Absorption maxima and ¹³C NMR chemical shifts were measured for retinal iminium salts. A good correlation was found between the absorption maxima and the ¹³C chemical shifts of the retinal polyene carbons within the same solvent system. The chemical shifts of the odd-membered carbons of the polyene are affected much more than the even carbons by π-electron delocalization caused by perturbations in the Schiff base linkage vicinity. The absorption maxima of bacteriorhodopsin (bR) (568 nm) is closely mimicked by protonated Schiff base chromophores bearing ring-chain s-trans planarity and weak hydrogen bonding between their positively charged Schiff base linkage and its counteranion. These chromophores exhibit a C₅ chemical shift similar to the unusual one found in bacteriorhodopsin. These results indicate that it is possible to closely mimic the absorption maximum of bR and its C₅ chemical shift without requiring a nonconjugated negative charge in the vicinity of the retinal ring. The effect of nonconjugated positive and negative charges on the ¹³C chemical shifts of the retinal polyene is evaluated using synthetic retinal chromophores. The charges affect the chemical shift in an alternating fashion (namely, upfield and downfield shifts) and mainly affect the double bond located in the immediate vicinity of the charge.
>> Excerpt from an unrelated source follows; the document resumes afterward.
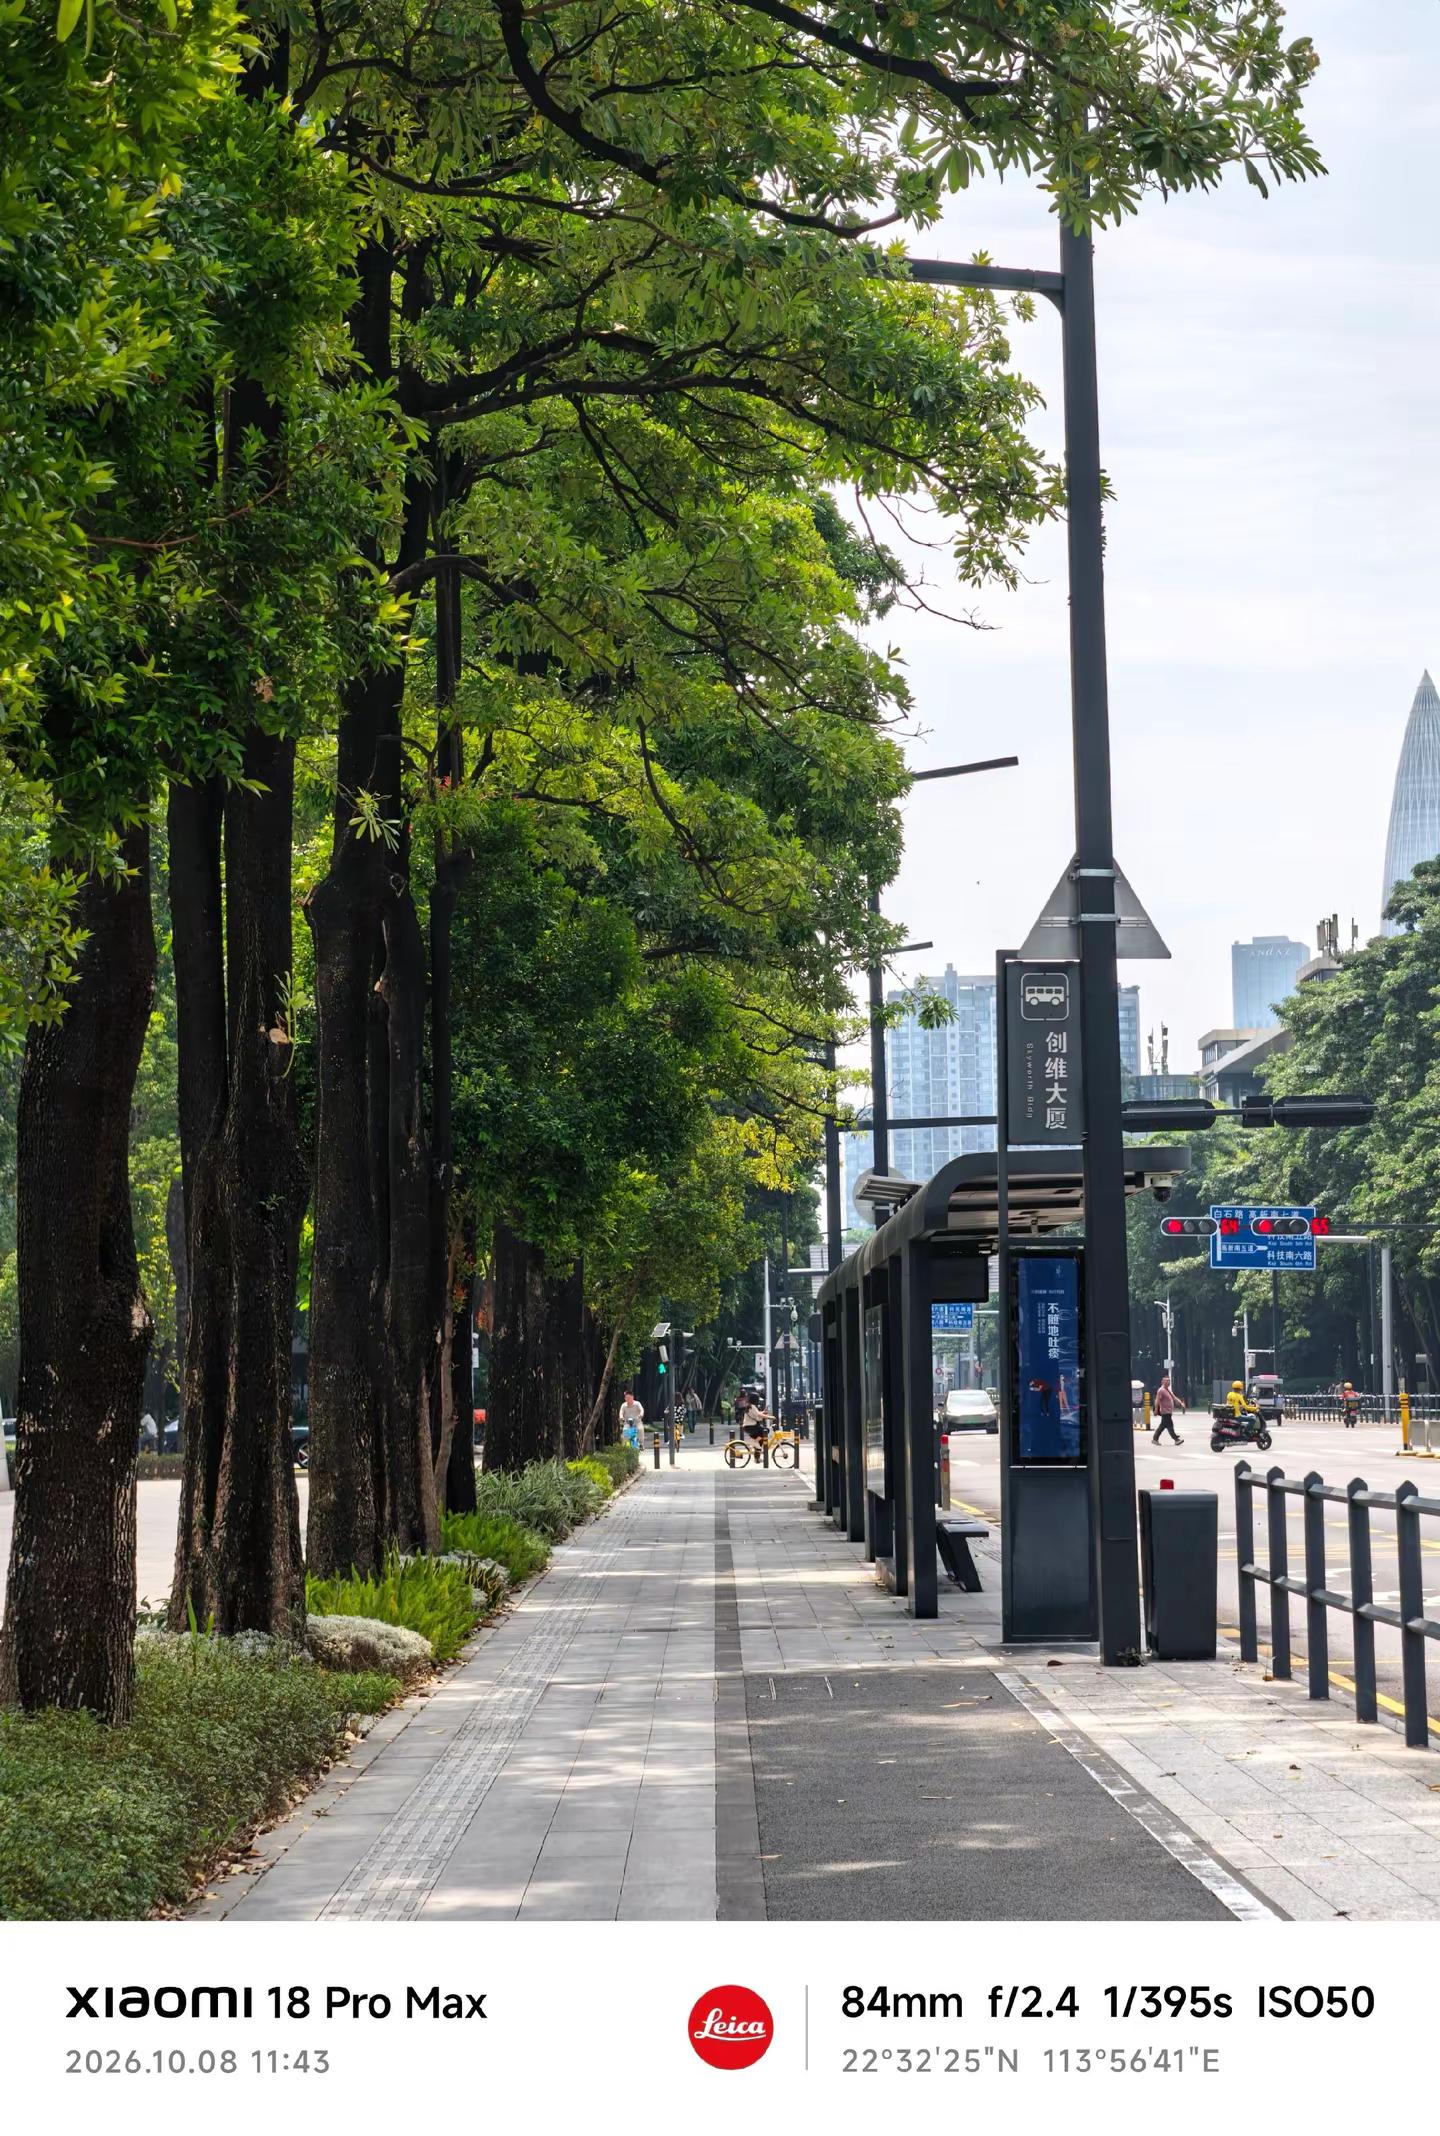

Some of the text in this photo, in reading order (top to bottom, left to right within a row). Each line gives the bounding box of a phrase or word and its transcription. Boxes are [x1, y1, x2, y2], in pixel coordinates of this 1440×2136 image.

The influence of the charge is diminished as its distance is increased. The spatial arrangement of the charge, relative to the polyene, is crucial for its effect. A symmetric C=C/charge arrangement causes only a minor change in the chemical shift, still, however, affecting the absorption maximum of the retinal protonated Schiff base. The implications of these measurements for bacteriorhodopsin are discussed.